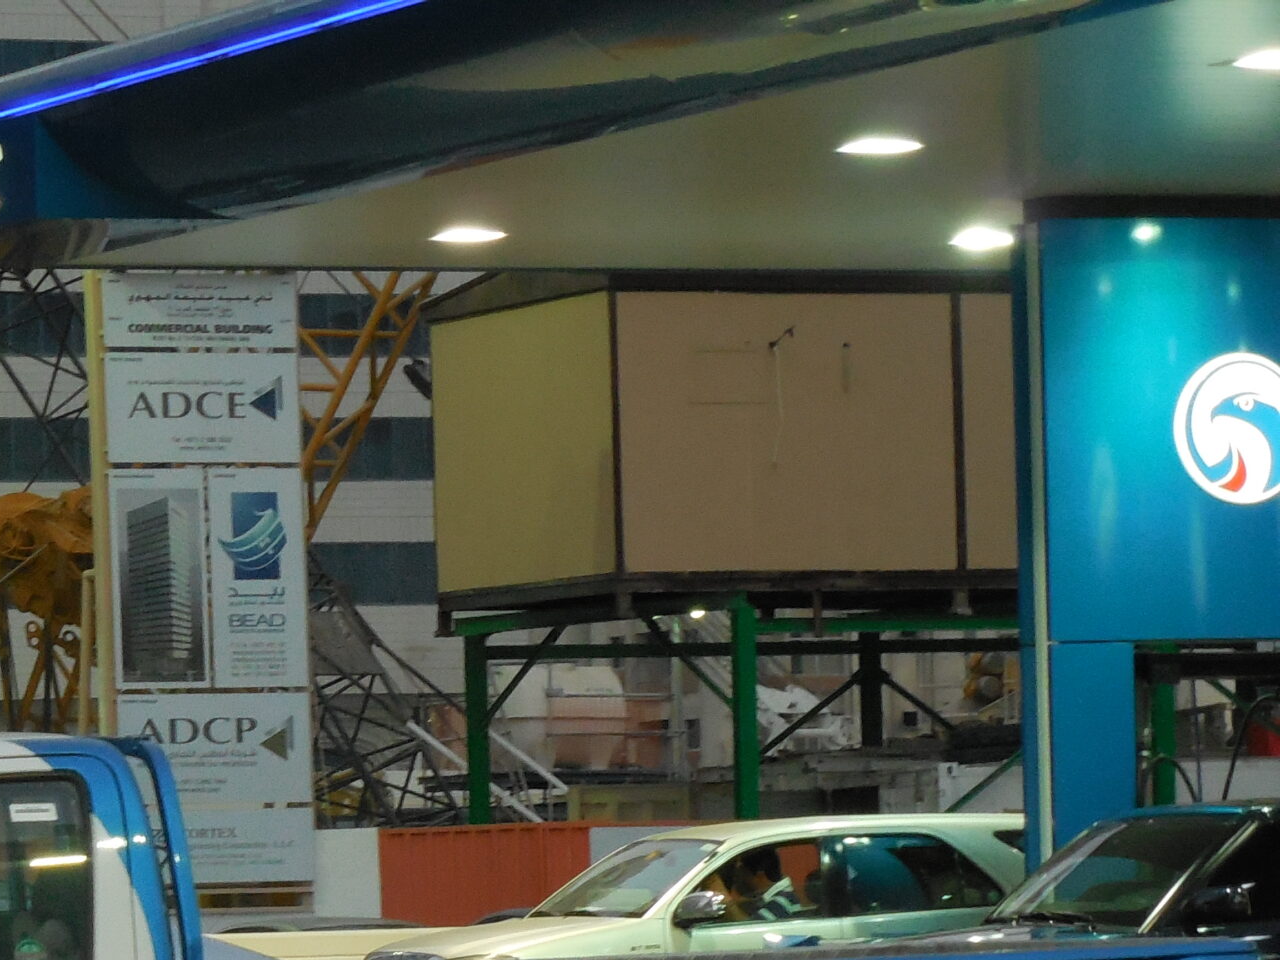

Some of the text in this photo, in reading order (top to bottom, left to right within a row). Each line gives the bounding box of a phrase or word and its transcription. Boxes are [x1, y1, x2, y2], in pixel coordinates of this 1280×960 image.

[127, 323, 274, 335] COMMERCIAL BUILDING
[128, 391, 247, 419] ADCE
[228, 613, 287, 628] BEAD
[139, 717, 259, 745] ADCP
[185, 826, 238, 839] ORTEX
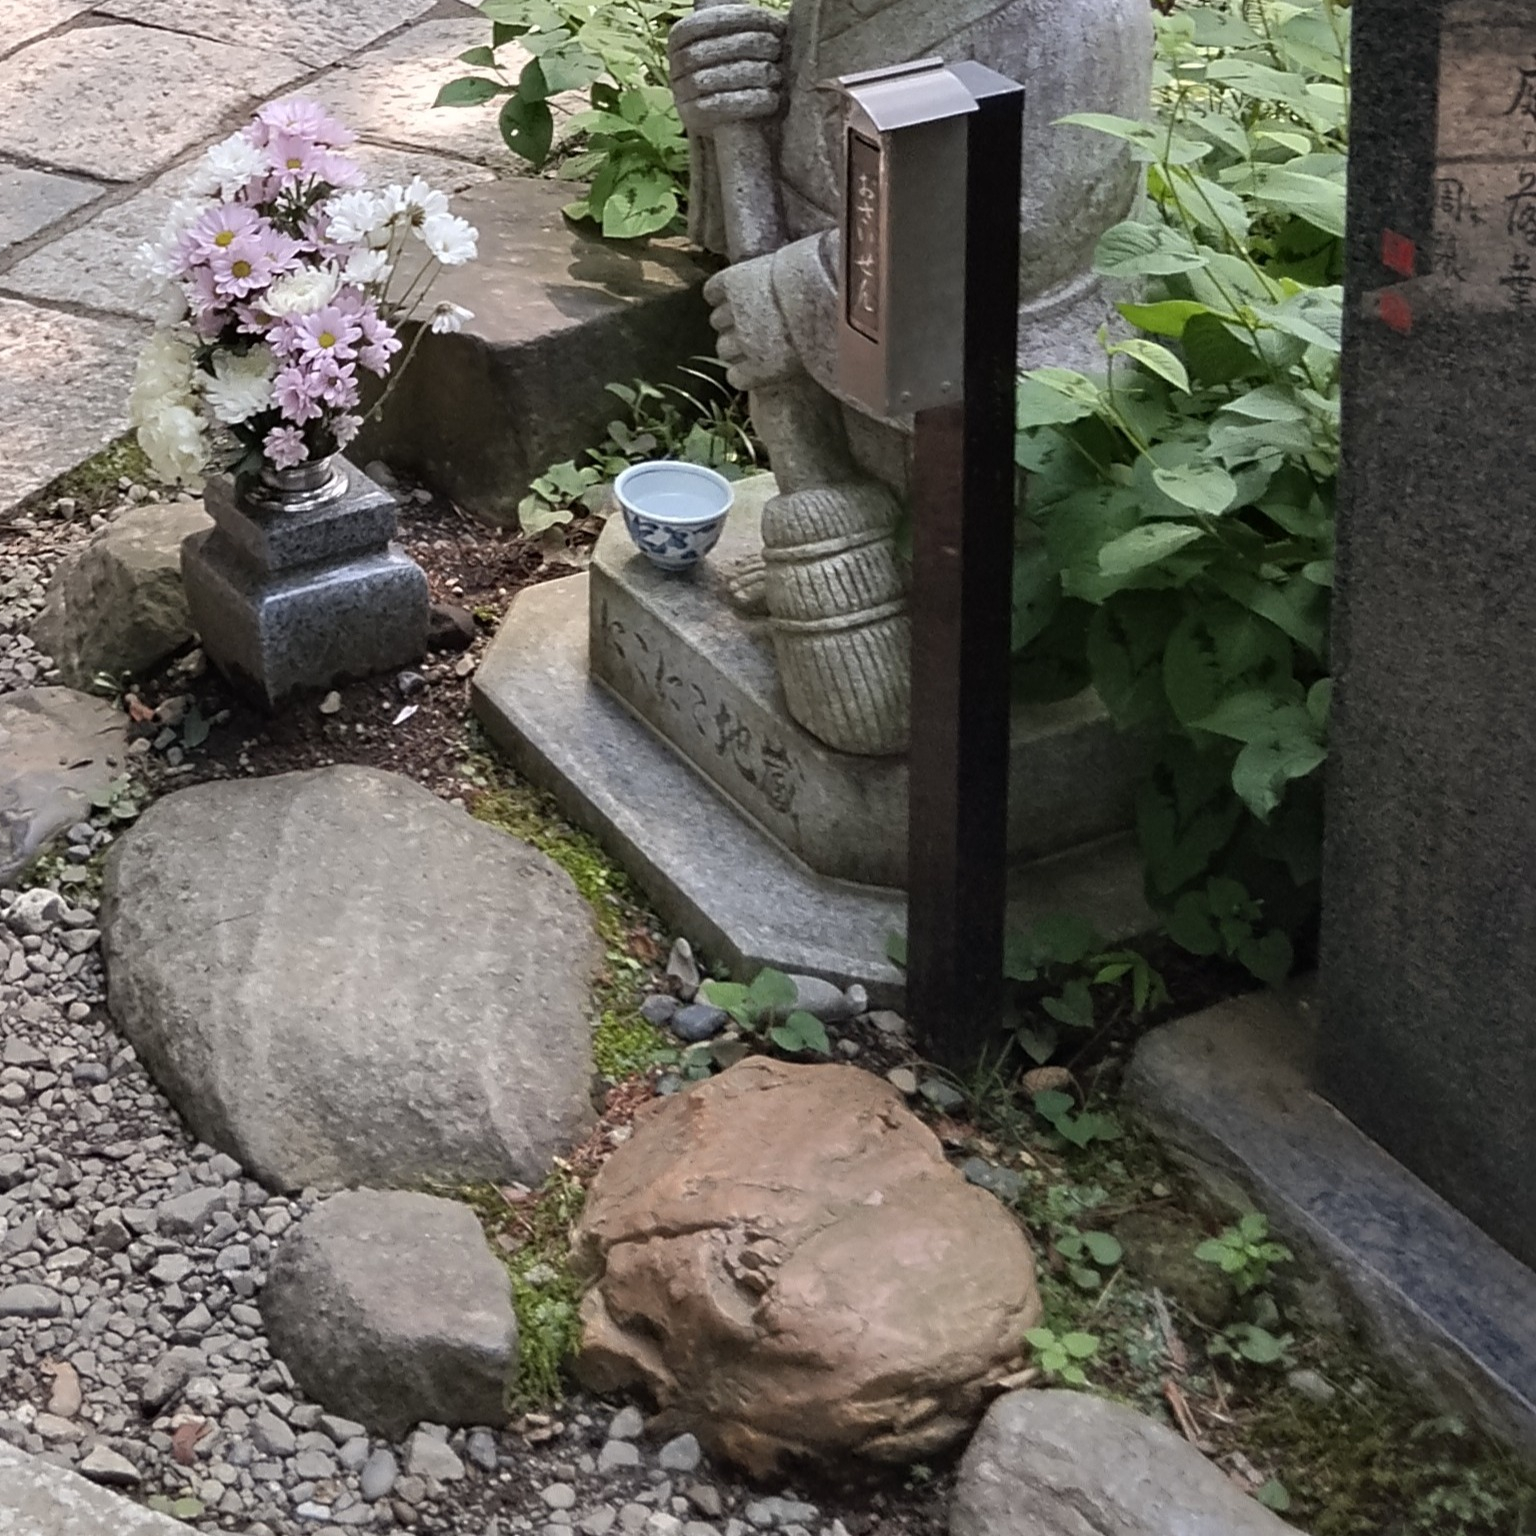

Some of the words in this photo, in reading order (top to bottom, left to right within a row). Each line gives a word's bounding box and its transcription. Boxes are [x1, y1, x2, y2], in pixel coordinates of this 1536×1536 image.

[855, 171, 879, 314] おさいせん
[600, 597, 808, 836] にこにこ地蔵
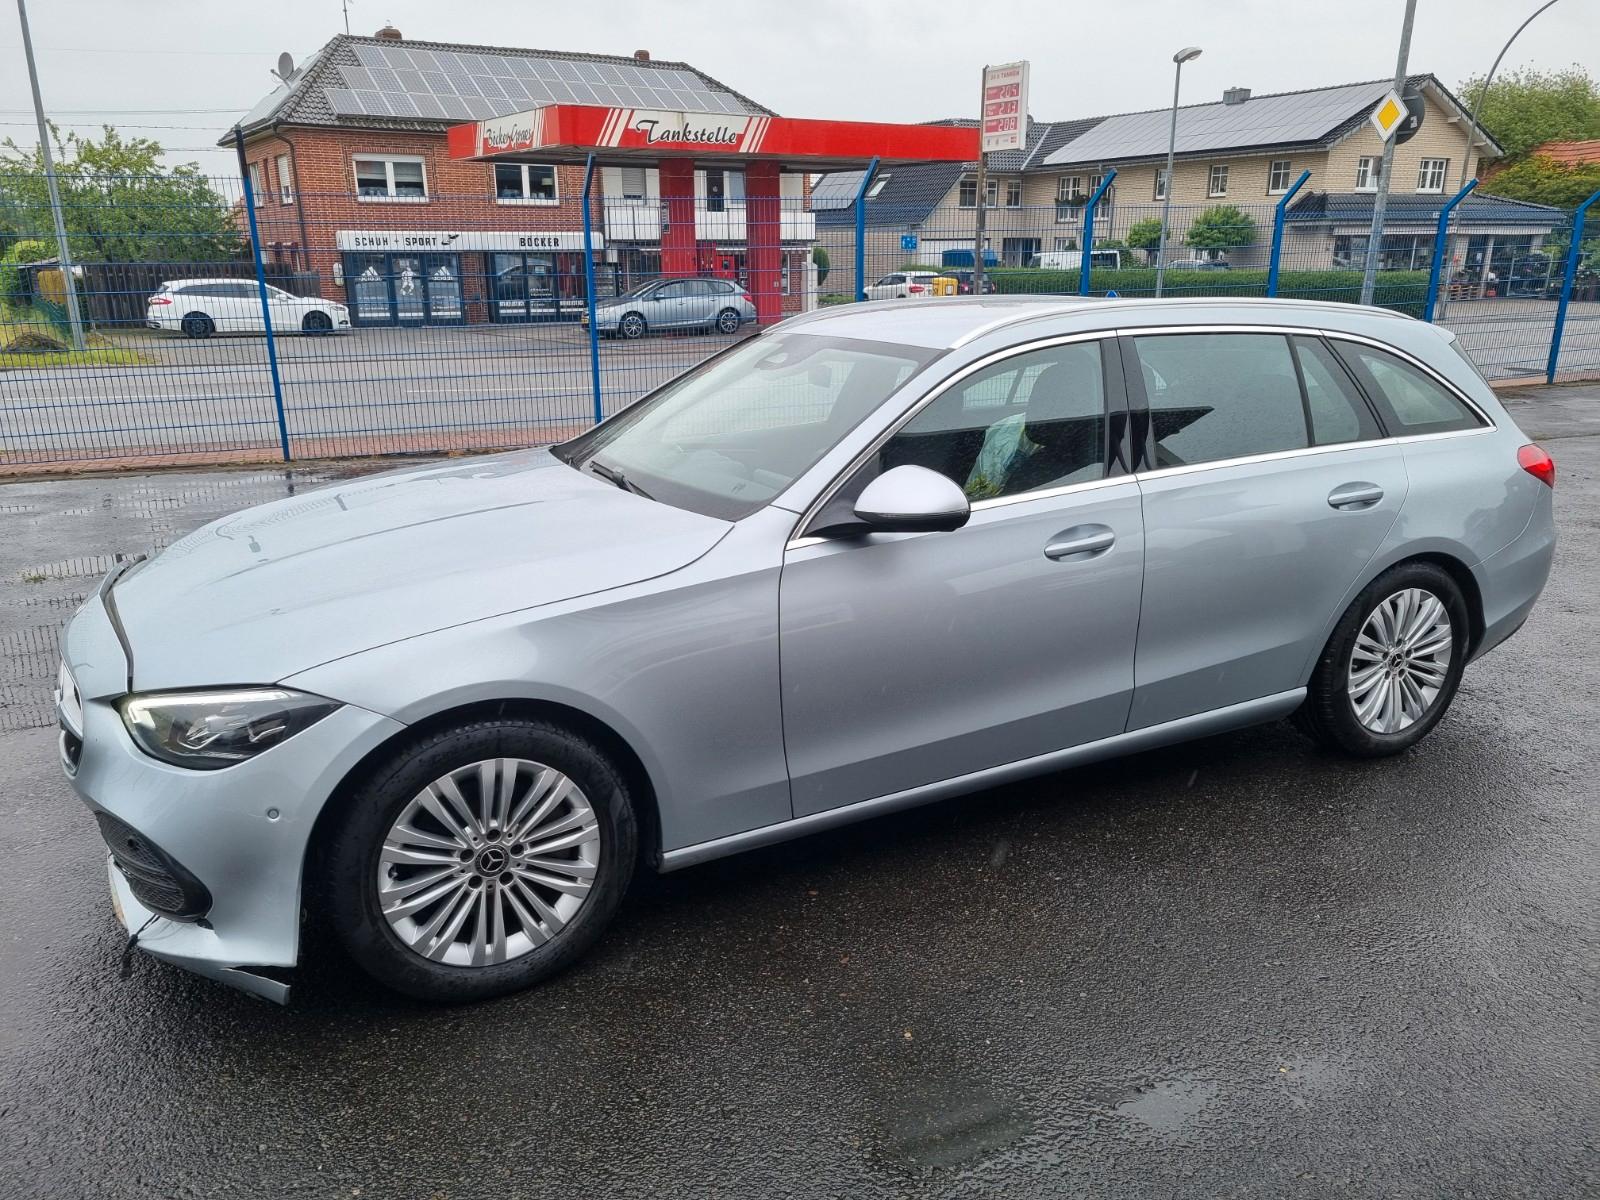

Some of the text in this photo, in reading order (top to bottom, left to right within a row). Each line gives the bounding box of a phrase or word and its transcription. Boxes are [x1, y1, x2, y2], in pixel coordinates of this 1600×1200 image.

[635, 119, 736, 144] Tankstelle
[355, 237, 389, 247] SCHUH
[405, 237, 437, 247] SPORT
[519, 235, 560, 247] BÖCKER
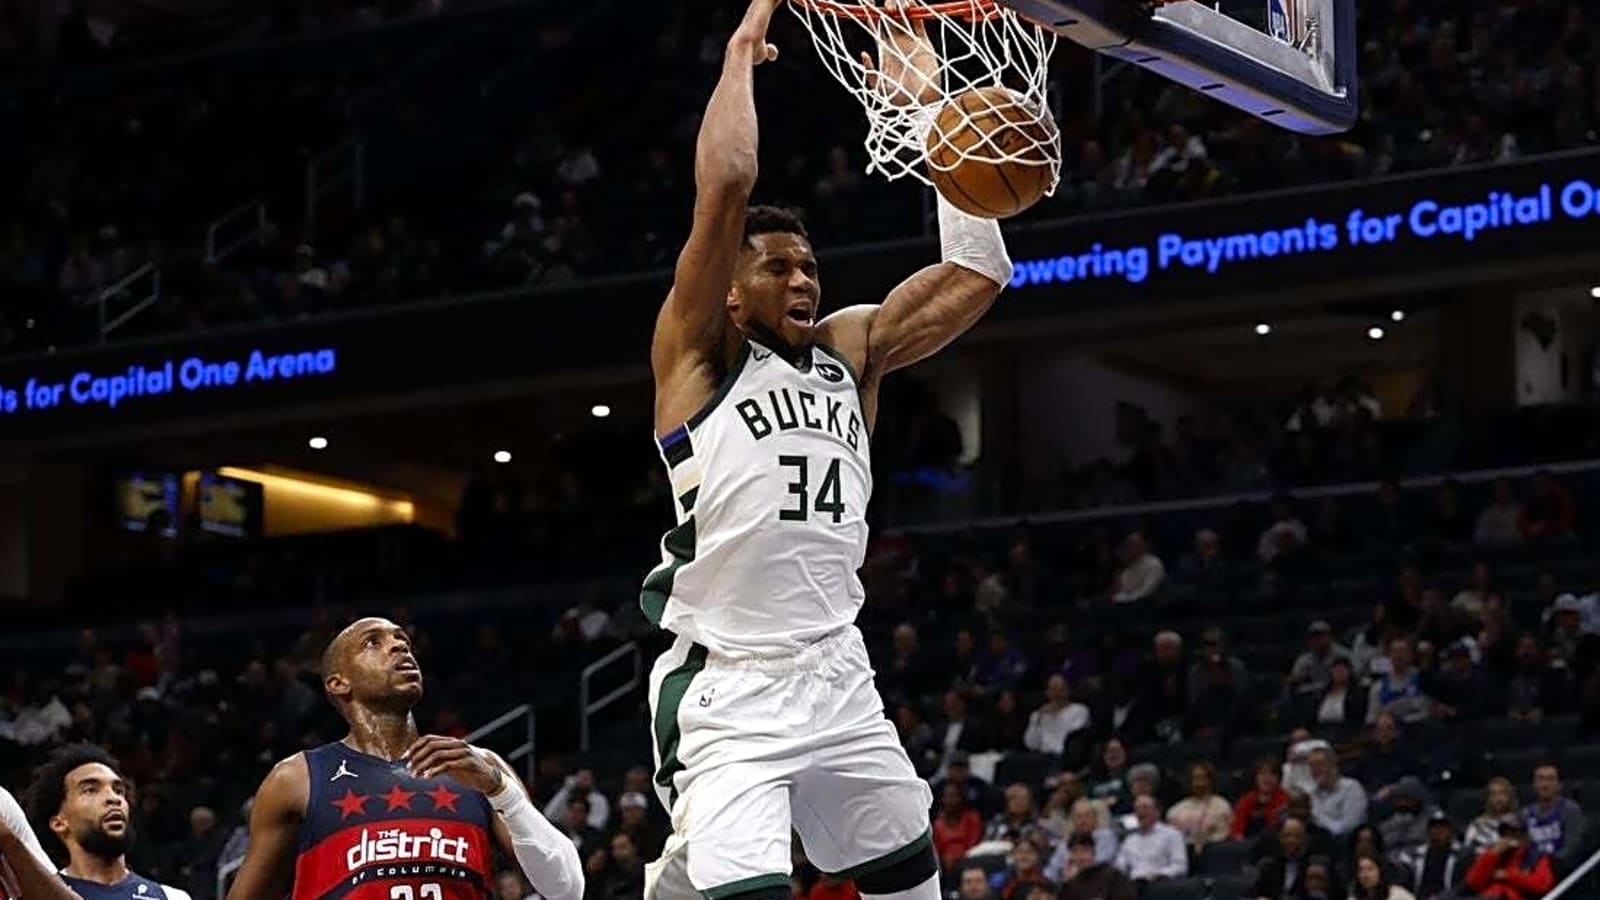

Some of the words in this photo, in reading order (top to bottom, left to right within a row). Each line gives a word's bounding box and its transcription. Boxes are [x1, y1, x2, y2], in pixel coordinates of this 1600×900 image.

[1158, 217, 1338, 273] Payments
[1347, 209, 1402, 245] for
[1409, 184, 1551, 240] Capital
[1561, 180, 1600, 218] O
[25, 379, 65, 409] for
[70, 362, 173, 407] Capital
[179, 358, 240, 390] One
[245, 349, 335, 382] Arena
[735, 388, 861, 452] BUCKS
[779, 455, 845, 523] 34
[346, 827, 469, 872] district
[377, 828, 400, 838] THE

━━━━━━

== Your goal ==
All records above are to be output verbatim, with their pictures omitted.

== Answer to the exercise ==
Some of the text in this photo, in reading order (top to bottom, left to right within a row). Each line gives the bounding box of a phrase or word and its transcription. Boxes are [x1, y1, x2, y2], in pixel coordinates of this 1280×960 image.

[127, 323, 274, 335] COMMERCIAL BUILDING
[128, 391, 247, 419] ADCE
[228, 613, 287, 628] BEAD
[139, 717, 259, 745] ADCP
[185, 826, 238, 839] ORTEX

Some of the words in this photo, in reading order (top to bottom, left to right within a row). Each line gives a word's bounding box and its transcription. Boxes are [x1, y1, x2, y2], in pixel coordinates of this 1536×1536 image.

[855, 171, 879, 314] おさいせん
[600, 597, 808, 836] にこにこ地蔵

Some of the text in this photo, in reading order (top to bottom, left to right within a row). Each line gives the bounding box of a phrase or word and its transcription. Boxes are [x1, y1, x2, y2], in pixel coordinates of this 1600×1200 image.

[635, 119, 736, 144] Tankstelle
[355, 237, 389, 247] SCHUH
[405, 237, 437, 247] SPORT
[519, 235, 560, 247] BÖCKER

Some of the words in this photo, in reading order (top to bottom, left to right within a row). Each line gives a word's bounding box and its transcription. Boxes are [x1, y1, x2, y2], in pixel coordinates of this 1600×900 image.

[1158, 217, 1338, 273] Payments
[1347, 209, 1402, 245] for
[1409, 184, 1551, 240] Capital
[1561, 180, 1600, 218] O
[25, 379, 65, 409] for
[70, 362, 173, 407] Capital
[179, 358, 240, 390] One
[245, 349, 335, 382] Arena
[735, 388, 861, 452] BUCKS
[779, 455, 845, 523] 34
[346, 827, 469, 872] district
[377, 828, 400, 838] THE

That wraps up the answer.